● **EXERCISE REQUIREMENTS**:
Please output exactly the lines that run from the line with "Some of the words" through the final line of the data, inclusive, and nothing more.

Images for object localization:

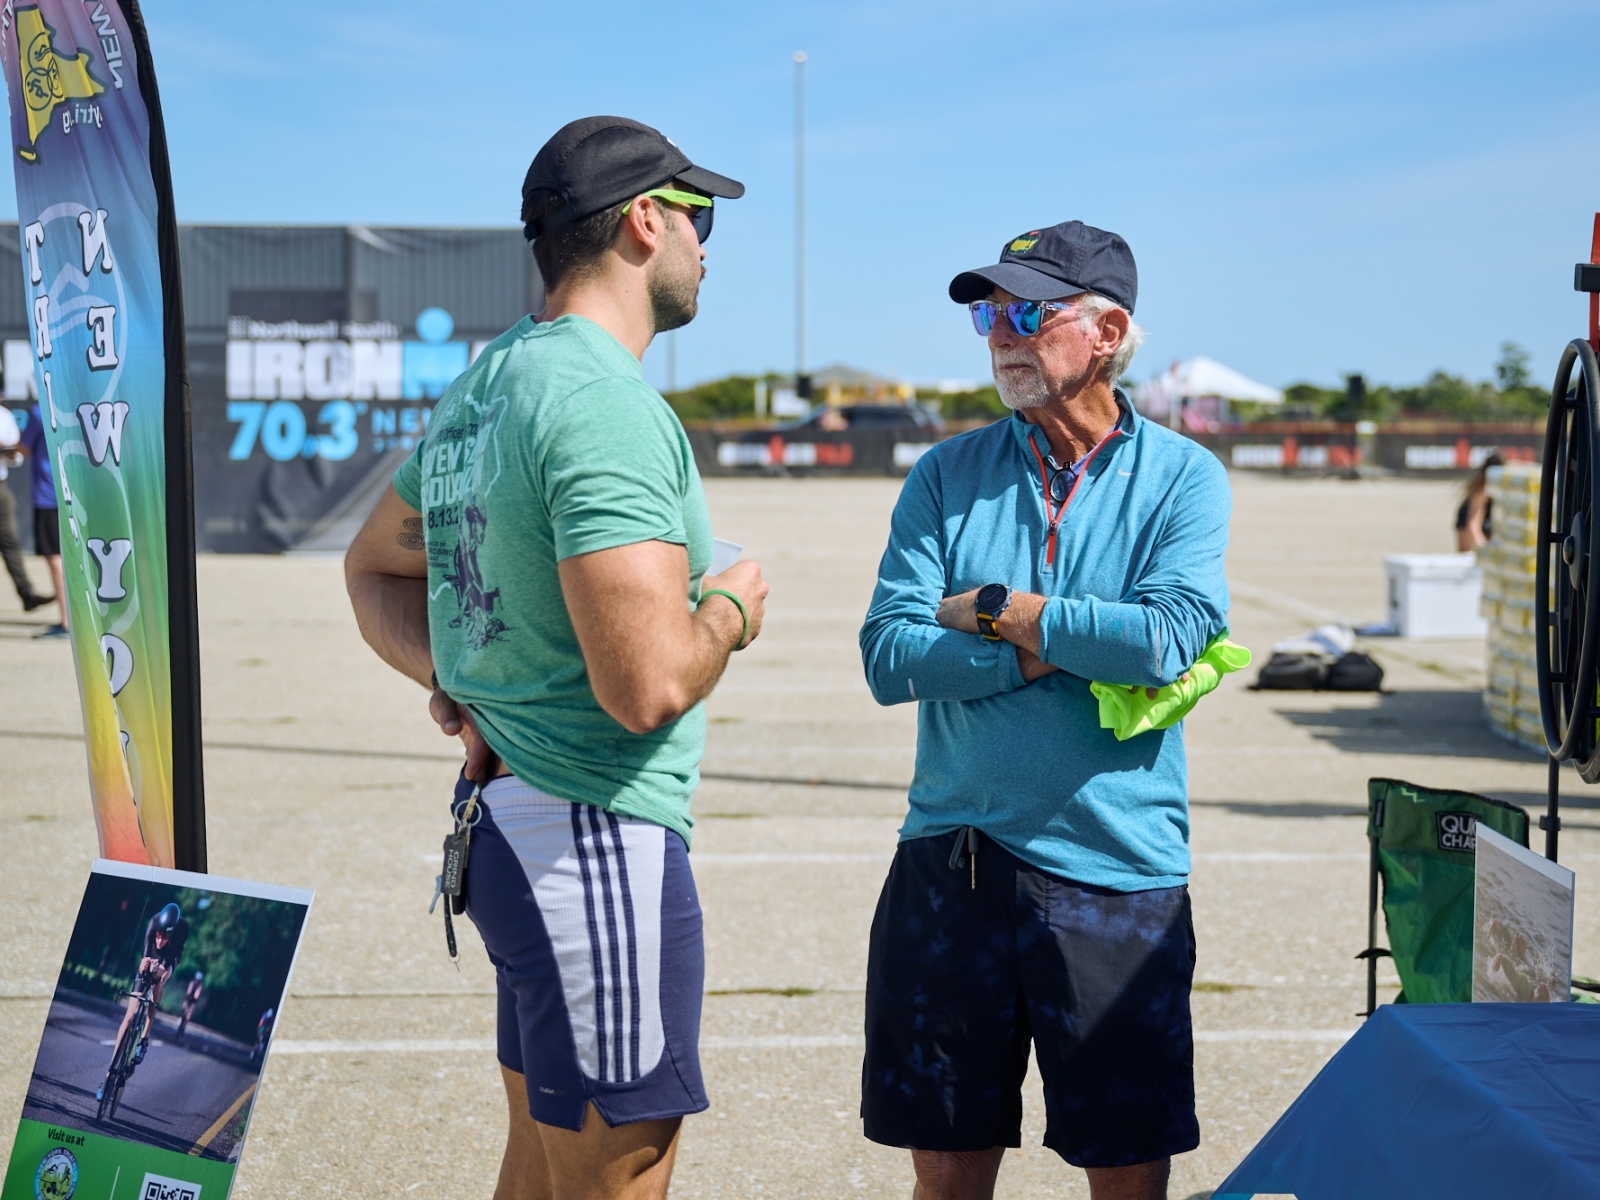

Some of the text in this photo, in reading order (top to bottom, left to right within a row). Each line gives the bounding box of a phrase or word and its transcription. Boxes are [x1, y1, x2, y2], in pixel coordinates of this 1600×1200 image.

[444, 849, 454, 889] HOUSE
[450, 851, 460, 888] GRIND
[48, 1129, 85, 1146] Visit us at
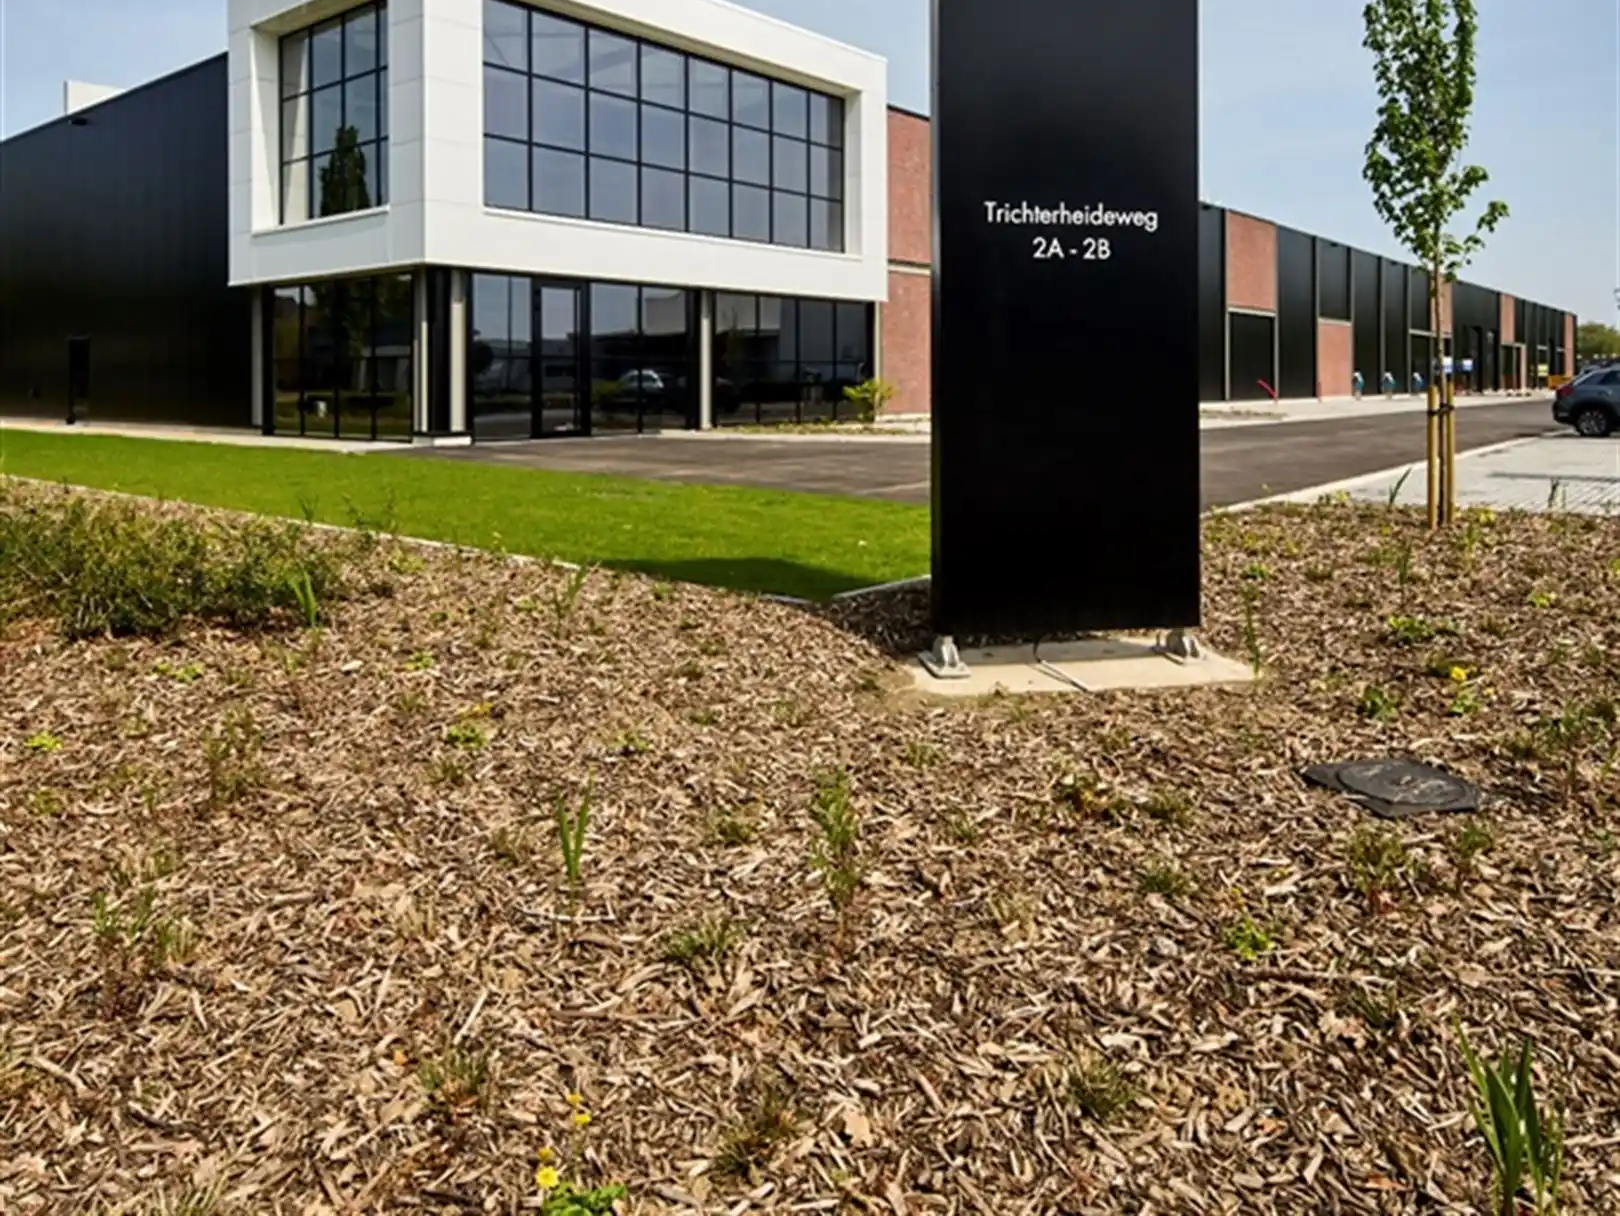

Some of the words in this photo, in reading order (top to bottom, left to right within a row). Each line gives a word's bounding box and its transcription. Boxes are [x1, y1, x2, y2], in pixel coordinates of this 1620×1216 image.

[983, 200, 1159, 232] Trichterheideweg
[1032, 237, 1065, 259] 2A
[1082, 237, 1111, 260] 2B

● **RESPONSE FOR THIS EXERCISE**:
Some of the words in this photo, in reading order (top to bottom, left to right within a row). Each line gives a word's bounding box and its transcription. Boxes are [x1, y1, x2, y2], in pixel coordinates of this 1620×1216 image.

[983, 200, 1159, 232] Trichterheideweg
[1032, 237, 1065, 259] 2A
[1082, 237, 1111, 260] 2B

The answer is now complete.